Otros, como Michael Lerner, alientan un debate que arde en blogs y listas de correo sobre si debe ser desafiado en las primarias. No es todavía un Tea Party a la inversa, esto es, una insurrección progresista para arrebatarle el timón de la nave, pero señala la aparición de una franja de tierra quemada dentro del electorado demócrata a la que Obama no tendrá fácil movilizar en el futuro.
Comprendería a uno de cada cinco votantes, según alguna encuesta reciente. Y la ejemplifica mejor que nadie Clarence B. Jones, un personaje de la época de los derechos civiles que formó parte del movimiento de base que encumbró a Barack Obama y que ahora propone romper con él con la misma frase que empleó Martin Luther King cuando retiró su apoyo al presidente Lyndon B. Johnson por la escalada de Vietnam: «Hay un momento en el que callar es una traición».
Resentimiento
El presidente tiene dos problemas a mayores. El primero es que la desconfianza entre él y su gente podría crecer si, como todo indica, se reinventa buscando inspiración en la triangulación que ideó Bill Clinton en su día para sobrevivir en un escenario similar. Consiste en situarse en el centro del tablero como si fuera el moderador equidistante de un debate a dos bandas, un árbitro pospartidista que intermedia para poner en común lo poco que une a demócratas y conservadores. El propio acuerdo que selló con los republicanos para no subir la tributación de los pudientes es un síntoma. Otro, las reuniones que ha mantenido con directivos de importantes compañías de su país para sacudirse el sambenito de que aborrece la cultura empresarial.
Lo que ocurre es que maniobras de este tipo, diseñadas para lanzar un mensaje pragmático, tienen el efecto de alejarlo aún más de sus orígenes y de provocar el resentimiento de quienes estuvieron a su lado en aquel momento.
No hay más que oír preguntarse al reverendo Jesse Jackson para cuándo cumbres similares con las fuerzas del trabajo. ¿No sería más urgente, reprocha, abrir un diálogo nacional sobre la pobreza en un país en el que 40 millones de personas dependen de cupones de alimentos?

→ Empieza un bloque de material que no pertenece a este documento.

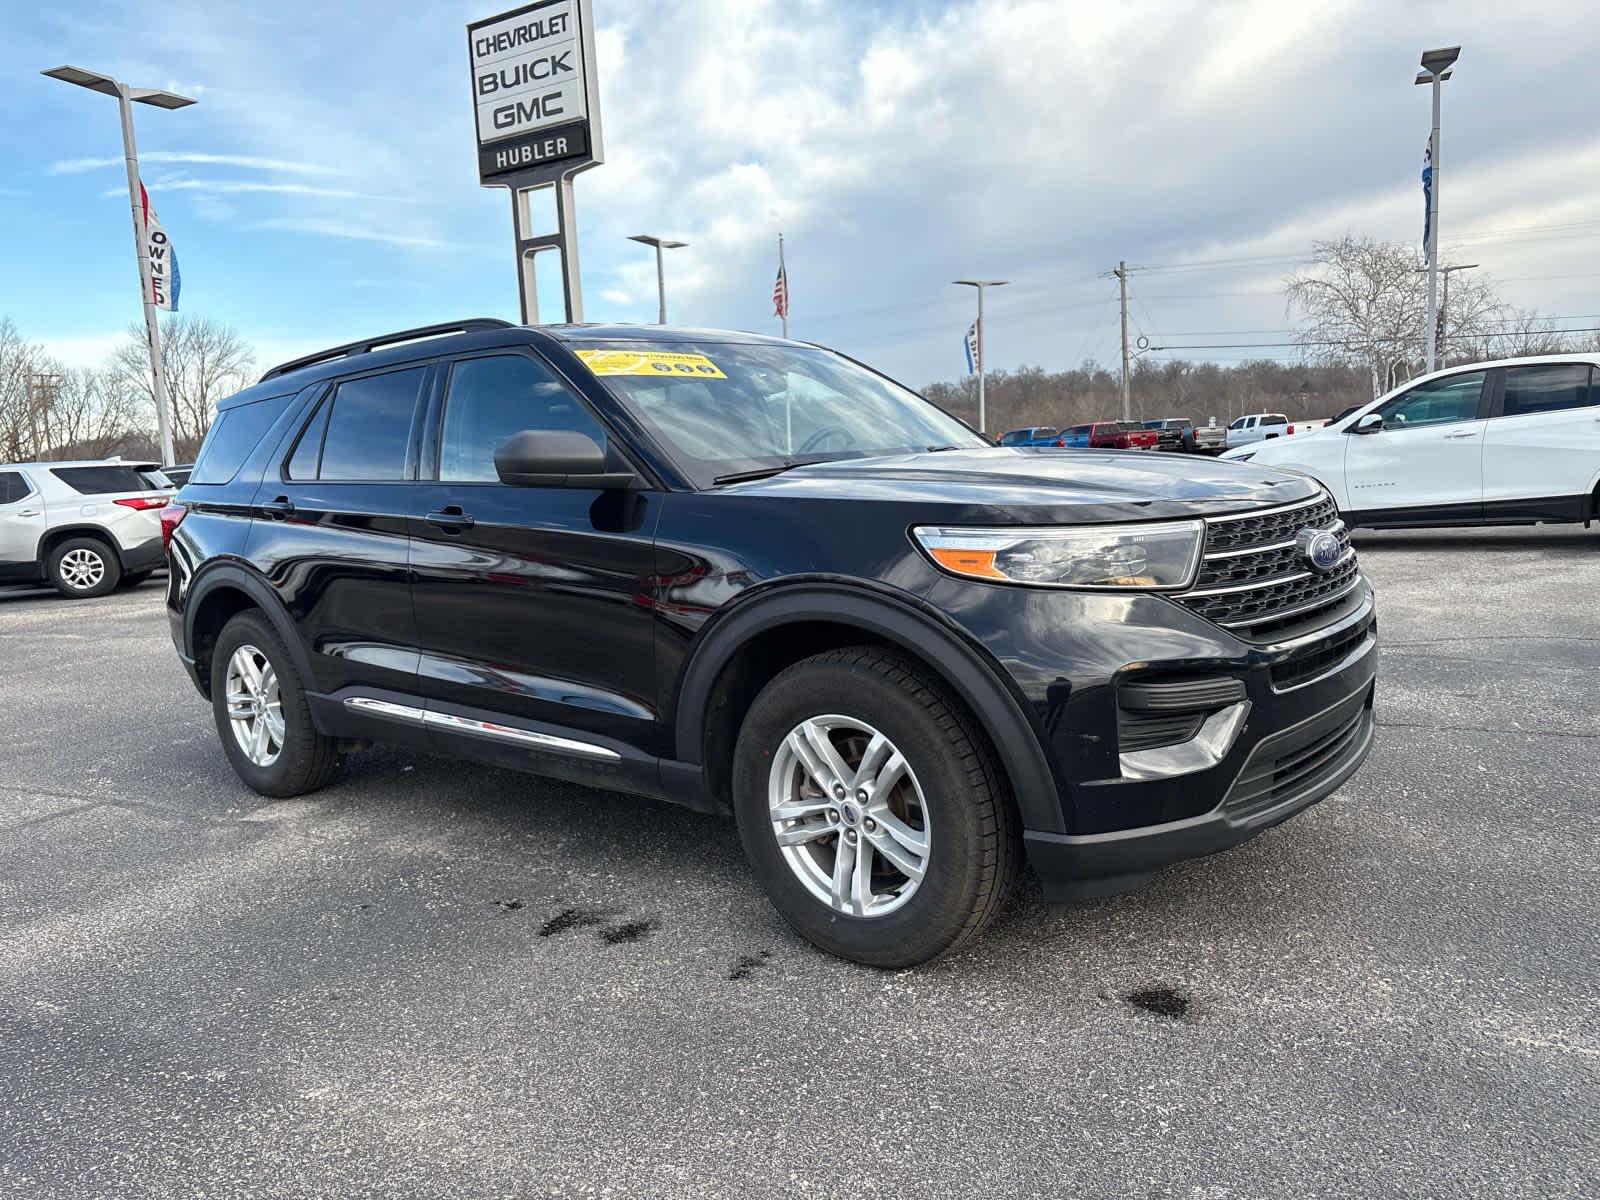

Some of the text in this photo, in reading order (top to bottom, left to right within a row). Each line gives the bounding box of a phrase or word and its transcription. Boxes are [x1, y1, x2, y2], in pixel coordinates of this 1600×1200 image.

El segundo problema es que, como cuenta Elizabeth Drew, los republicanos han cursado un máster acelerado de historia para no cometer los errores en los que incurrió Newt Gingrich cuando se encontró con que Clinton perdía la mayoría en el Congreso y pensó que el camino más corto para echarlo de la Casa Blanca era humillarlo.
Si tienen la habilidad de evitar tácticas indiscriminadas que conviertan a Obama en una víctima y que obliguen a salir en su socorro a los votantes demócratas que ahora empiezan a mirarlo con distancia, es indudable que su tercer año en la presidencia puede convertirse en un calvario de verdad.